BEGIN INPUT RECORDS
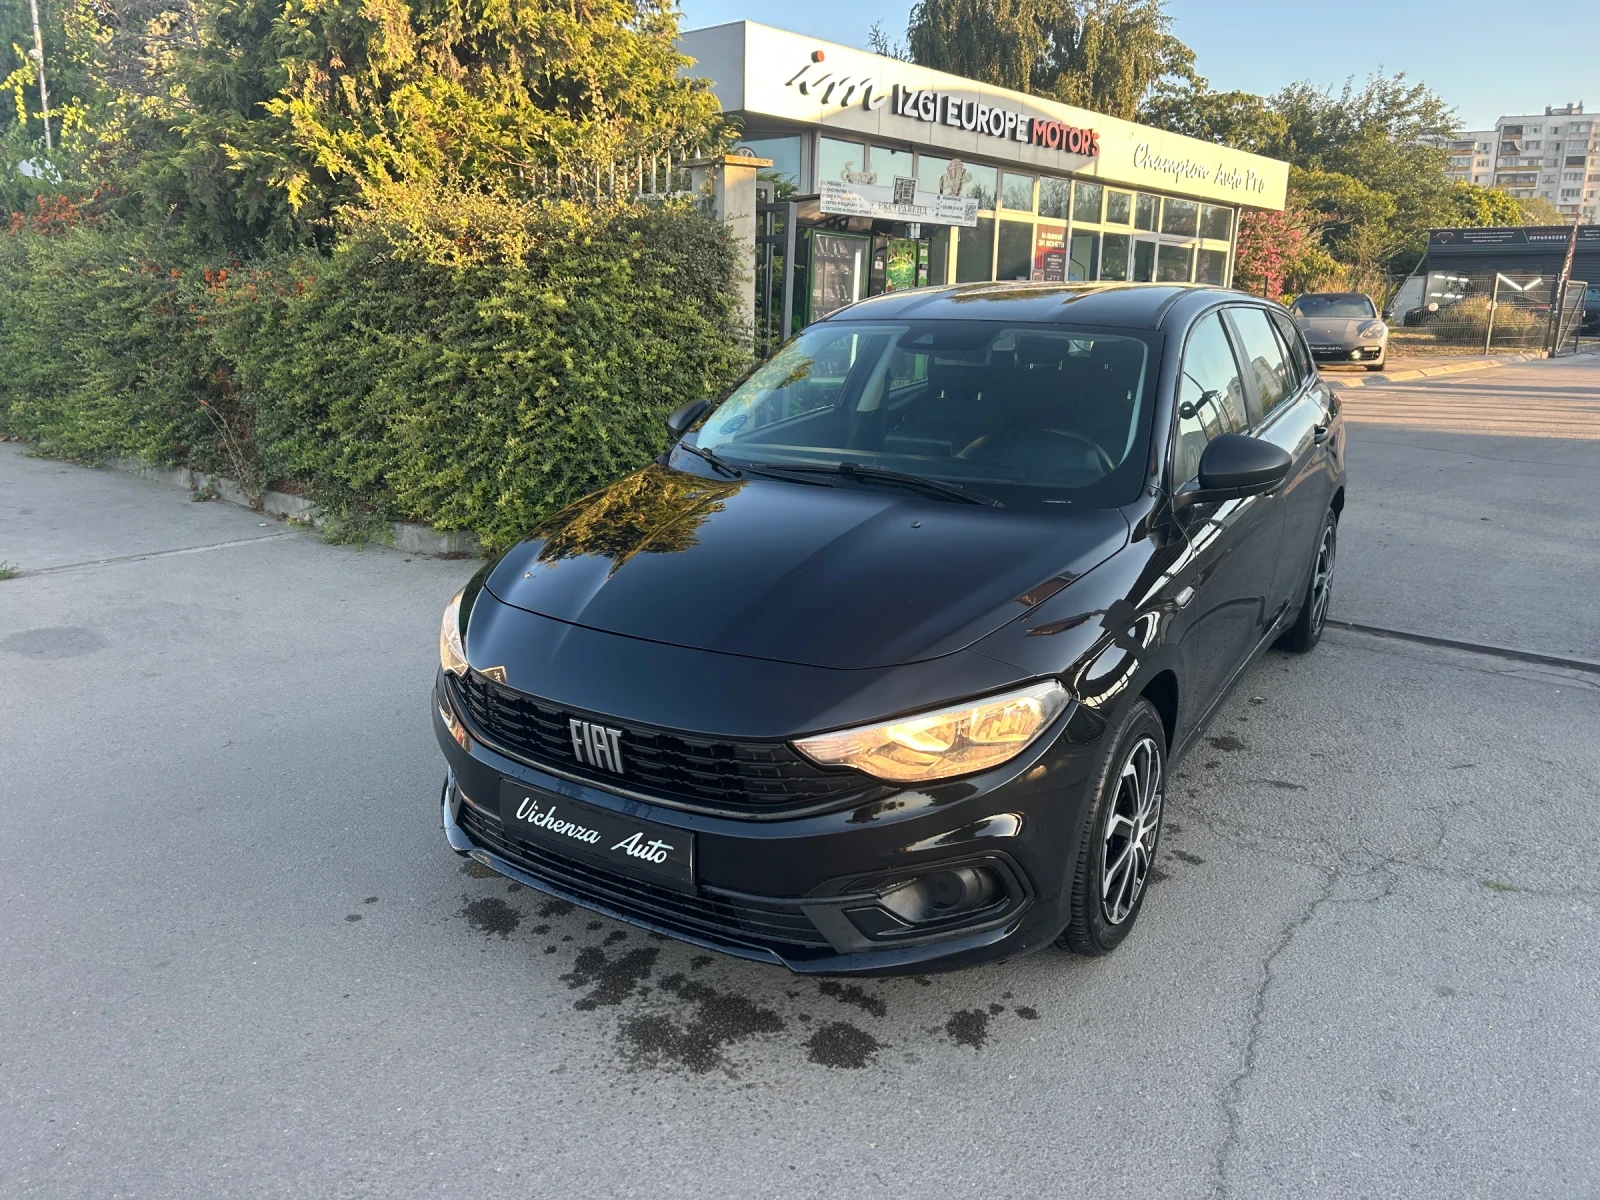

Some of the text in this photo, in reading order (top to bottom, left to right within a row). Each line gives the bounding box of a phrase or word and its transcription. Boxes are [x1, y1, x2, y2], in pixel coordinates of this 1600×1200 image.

[893, 84, 940, 123] IZGI
[944, 95, 1032, 143] EUROPE
[1134, 143, 1264, 194] Champion Auto Pro
[569, 718, 625, 775] FIAT
[611, 832, 675, 864] Auto
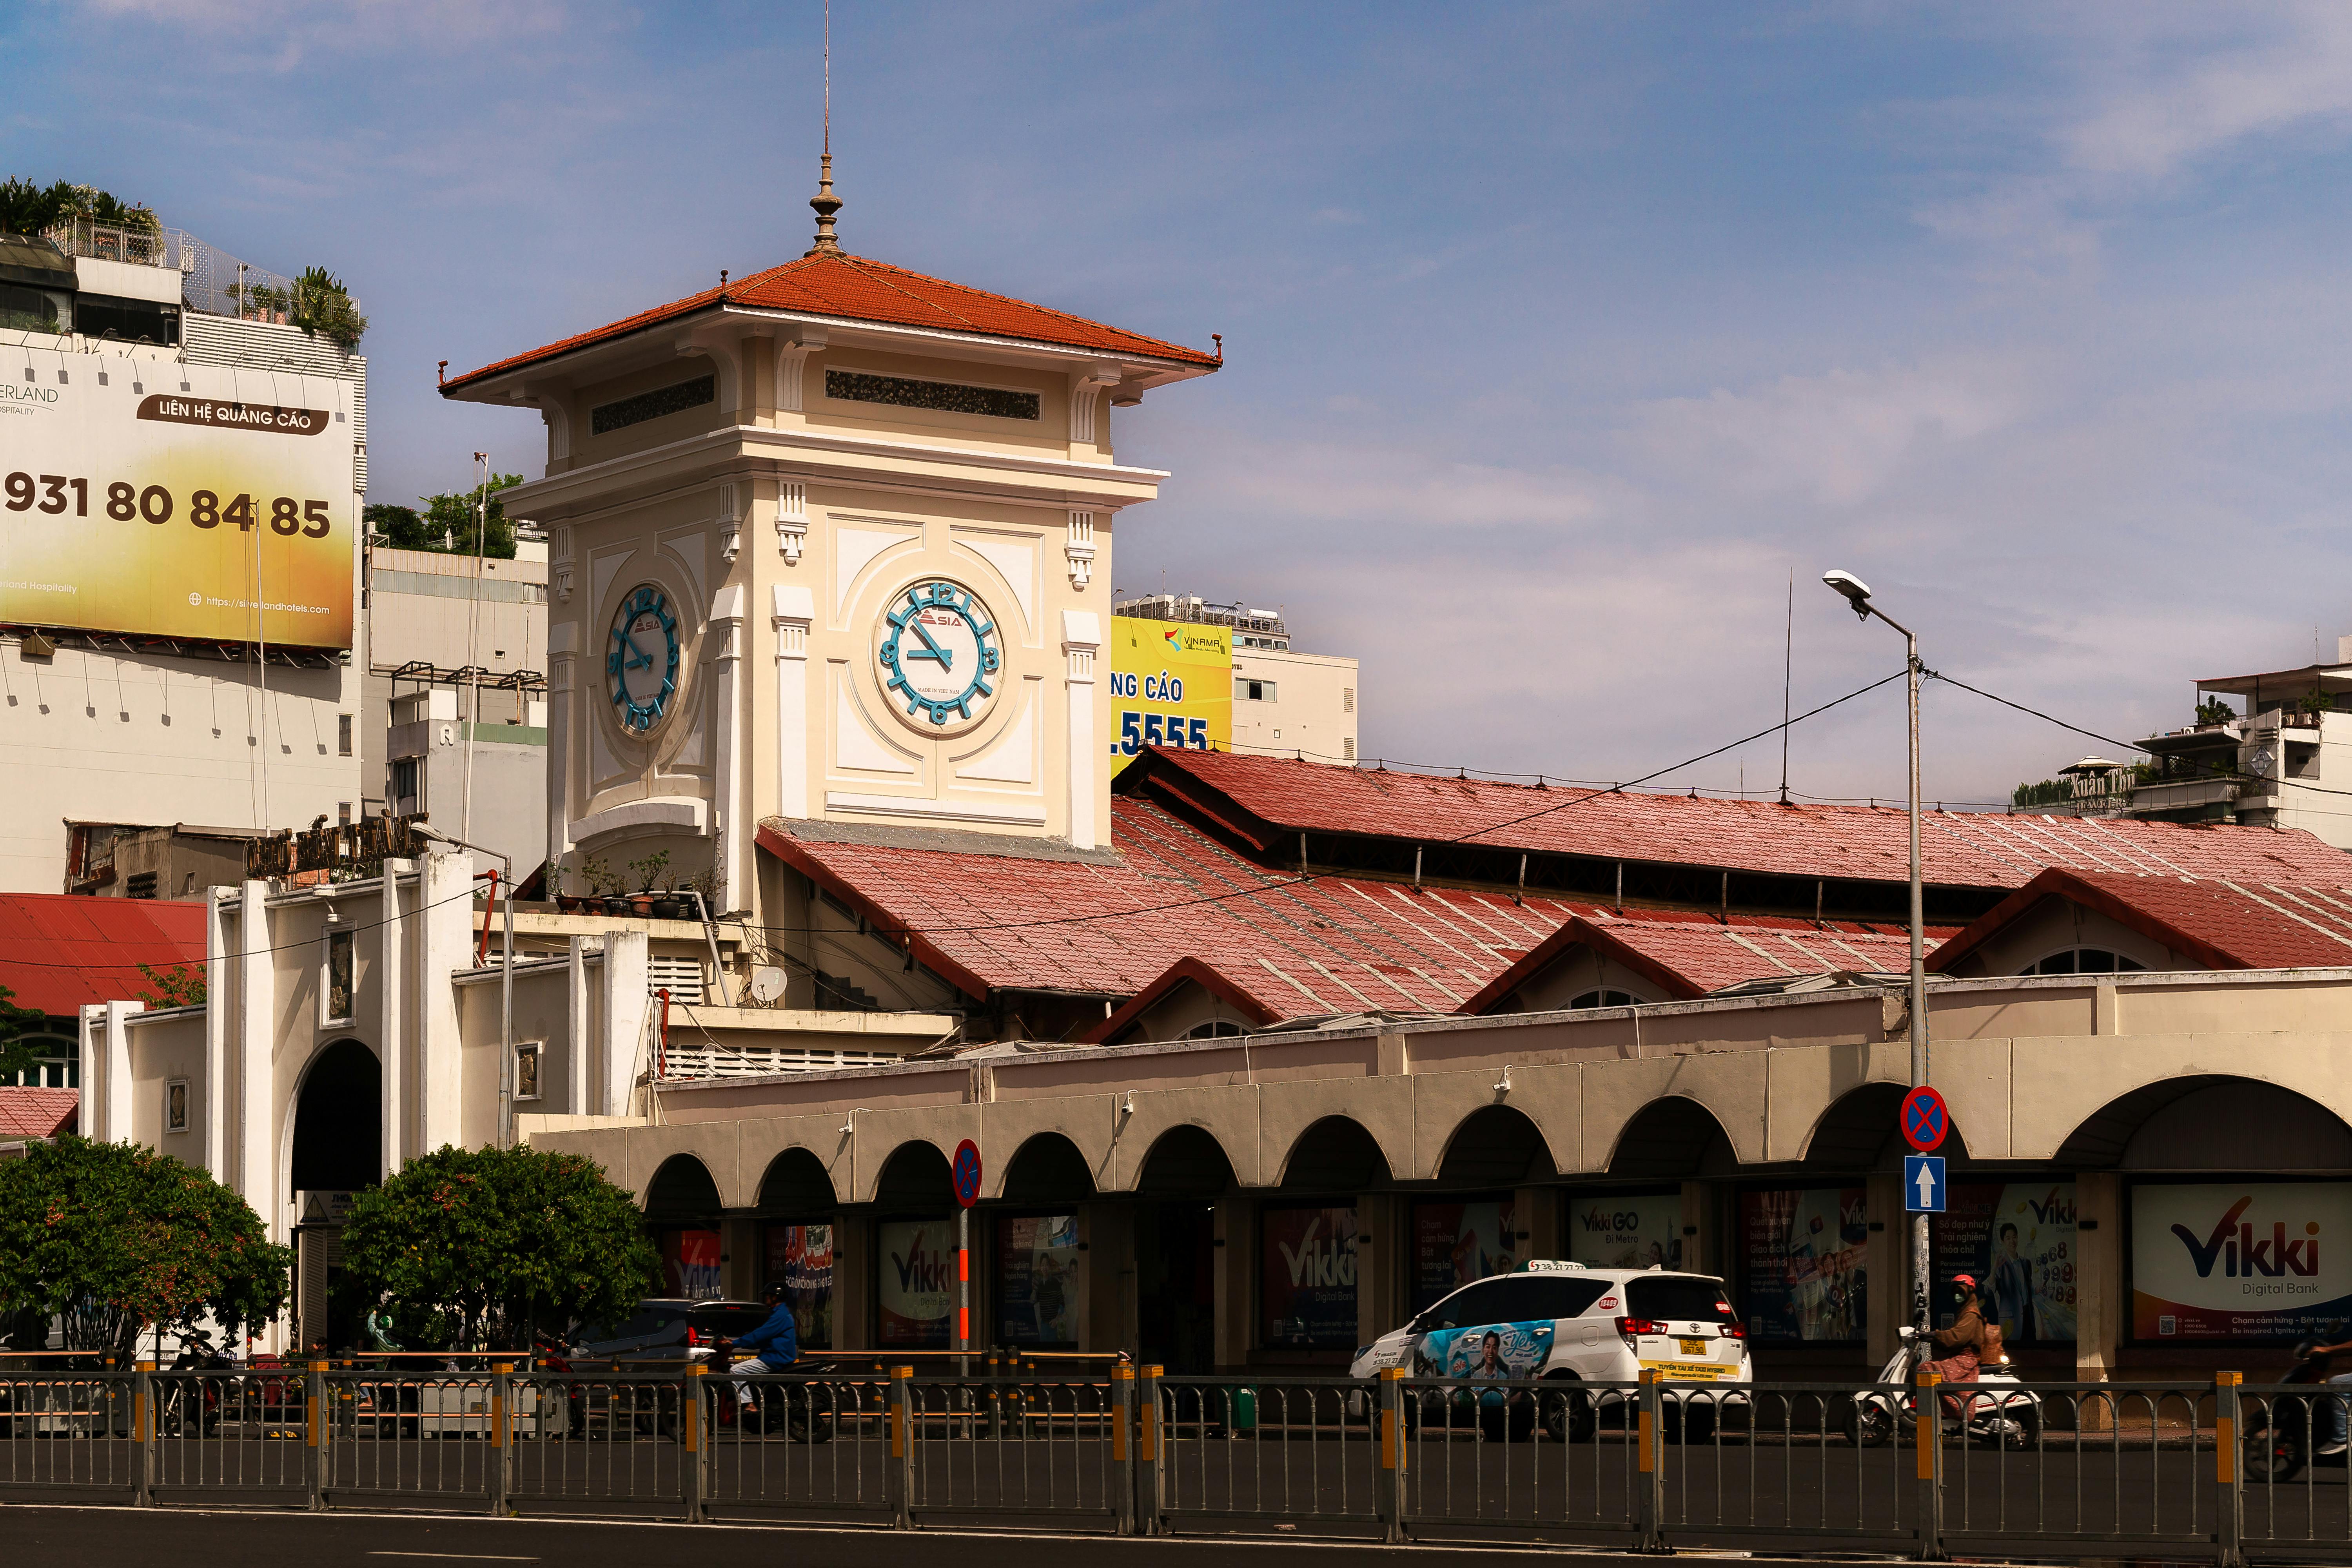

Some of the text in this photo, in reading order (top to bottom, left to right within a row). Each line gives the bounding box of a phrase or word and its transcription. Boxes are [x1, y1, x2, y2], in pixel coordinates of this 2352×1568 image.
END INPUT RECORDS
What is needed is an exact repetition of every entry, without the pictures.

Some of the text in this photo, in reading order (top to bottom, left to right within a row). Each line gives the bounding box of a phrase or word and its transcription. Boxes are [x1, y1, x2, y2], in pixel coordinates of this 1600×1200 image.

[893, 84, 940, 123] IZGI
[944, 95, 1032, 143] EUROPE
[1134, 143, 1264, 194] Champion Auto Pro
[569, 718, 625, 775] FIAT
[611, 832, 675, 864] Auto

Some of the text in this photo, in reading order (top to bottom, left to right within a row). Each line gives the bounding box of a phrase or word and its transcription. Boxes are [x1, y1, x2, y2], in pixel coordinates of this 2352×1568 image.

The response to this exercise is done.